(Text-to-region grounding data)
+ + + +
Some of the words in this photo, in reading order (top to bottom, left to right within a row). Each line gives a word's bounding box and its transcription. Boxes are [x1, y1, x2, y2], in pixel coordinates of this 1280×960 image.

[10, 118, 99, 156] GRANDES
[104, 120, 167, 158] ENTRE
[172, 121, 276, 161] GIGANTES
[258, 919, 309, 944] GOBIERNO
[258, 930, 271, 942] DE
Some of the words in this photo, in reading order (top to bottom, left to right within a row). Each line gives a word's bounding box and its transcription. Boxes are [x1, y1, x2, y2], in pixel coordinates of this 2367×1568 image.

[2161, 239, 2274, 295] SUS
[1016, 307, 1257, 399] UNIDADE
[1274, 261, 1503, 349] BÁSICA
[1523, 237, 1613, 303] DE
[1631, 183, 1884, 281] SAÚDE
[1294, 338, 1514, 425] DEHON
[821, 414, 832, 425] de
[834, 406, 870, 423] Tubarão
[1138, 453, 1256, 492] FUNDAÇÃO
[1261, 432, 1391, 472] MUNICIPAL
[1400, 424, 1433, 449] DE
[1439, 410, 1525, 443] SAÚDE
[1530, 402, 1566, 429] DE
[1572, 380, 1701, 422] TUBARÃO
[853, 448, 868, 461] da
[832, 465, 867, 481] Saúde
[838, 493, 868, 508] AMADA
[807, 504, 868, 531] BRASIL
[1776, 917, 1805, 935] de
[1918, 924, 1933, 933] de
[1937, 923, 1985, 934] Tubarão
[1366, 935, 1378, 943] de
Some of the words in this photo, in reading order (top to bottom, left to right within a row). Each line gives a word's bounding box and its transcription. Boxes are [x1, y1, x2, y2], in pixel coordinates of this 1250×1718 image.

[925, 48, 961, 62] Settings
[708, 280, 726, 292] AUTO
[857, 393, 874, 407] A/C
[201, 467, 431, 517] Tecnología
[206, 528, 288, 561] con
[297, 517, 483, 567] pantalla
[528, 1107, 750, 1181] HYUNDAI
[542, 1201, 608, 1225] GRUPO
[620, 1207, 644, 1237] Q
+ + + +
* Assignment: Your answer must be the records above, repeated exactly.

* Solution below:
Some of the words in this photo, in reading order (top to bottom, left to right within a row). Each line gives a word's bounding box and its transcription. Boxes are [x1, y1, x2, y2], in pixel coordinates of this 1280×960 image.

[10, 118, 99, 156] GRANDES
[104, 120, 167, 158] ENTRE
[172, 121, 276, 161] GIGANTES
[258, 919, 309, 944] GOBIERNO
[258, 930, 271, 942] DE
Some of the words in this photo, in reading order (top to bottom, left to right within a row). Each line gives a word's bounding box and its transcription. Boxes are [x1, y1, x2, y2], in pixel coordinates of this 2367×1568 image.

[2161, 239, 2274, 295] SUS
[1016, 307, 1257, 399] UNIDADE
[1274, 261, 1503, 349] BÁSICA
[1523, 237, 1613, 303] DE
[1631, 183, 1884, 281] SAÚDE
[1294, 338, 1514, 425] DEHON
[821, 414, 832, 425] de
[834, 406, 870, 423] Tubarão
[1138, 453, 1256, 492] FUNDAÇÃO
[1261, 432, 1391, 472] MUNICIPAL
[1400, 424, 1433, 449] DE
[1439, 410, 1525, 443] SAÚDE
[1530, 402, 1566, 429] DE
[1572, 380, 1701, 422] TUBARÃO
[853, 448, 868, 461] da
[832, 465, 867, 481] Saúde
[838, 493, 868, 508] AMADA
[807, 504, 868, 531] BRASIL
[1776, 917, 1805, 935] de
[1918, 924, 1933, 933] de
[1937, 923, 1985, 934] Tubarão
[1366, 935, 1378, 943] de
Some of the words in this photo, in reading order (top to bottom, left to right within a row). Each line gives a word's bounding box and its transcription. Boxes are [x1, y1, x2, y2], in pixel coordinates of this 1250×1718 image.

[925, 48, 961, 62] Settings
[708, 280, 726, 292] AUTO
[857, 393, 874, 407] A/C
[201, 467, 431, 517] Tecnología
[206, 528, 288, 561] con
[297, 517, 483, 567] pantalla
[528, 1107, 750, 1181] HYUNDAI
[542, 1201, 608, 1225] GRUPO
[620, 1207, 644, 1237] Q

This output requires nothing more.